**Problem description**
Every record that follows is to be copied exactly, with the pictures omitted.

**Data provided**
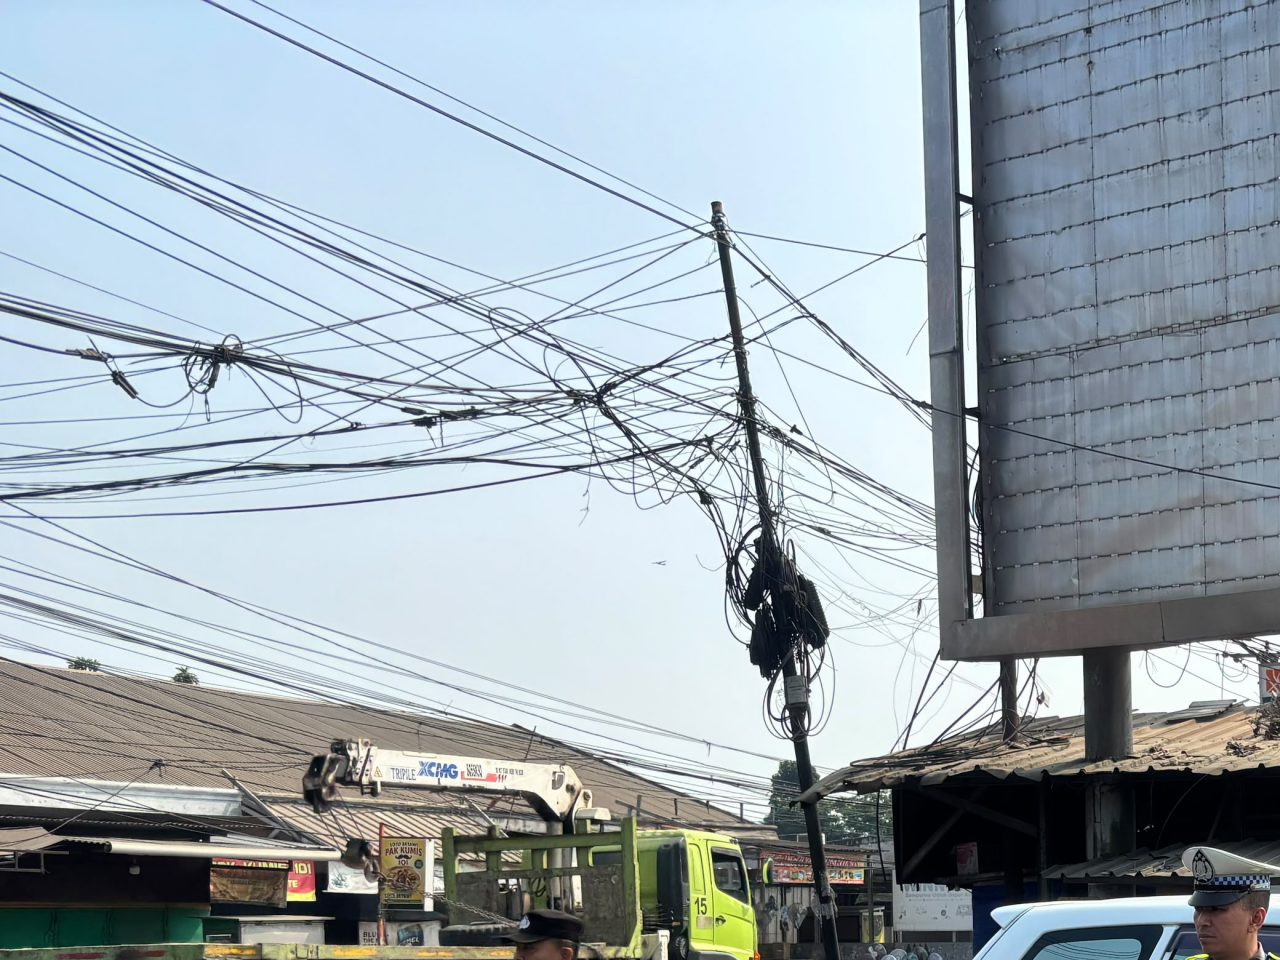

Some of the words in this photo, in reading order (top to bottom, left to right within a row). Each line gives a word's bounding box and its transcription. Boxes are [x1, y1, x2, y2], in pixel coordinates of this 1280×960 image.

[418, 761, 459, 779] XCMG
[385, 847, 399, 856] PAK
[400, 847, 423, 856] KUMIS
[694, 897, 708, 915] 15

**Solution to the exercise**
Some of the words in this photo, in reading order (top to bottom, left to right within a row). Each line gives a word's bounding box and its transcription. Boxes are [x1, y1, x2, y2], in pixel coordinates of this 1280×960 image.

[418, 761, 459, 779] XCMG
[385, 847, 399, 856] PAK
[400, 847, 423, 856] KUMIS
[694, 897, 708, 915] 15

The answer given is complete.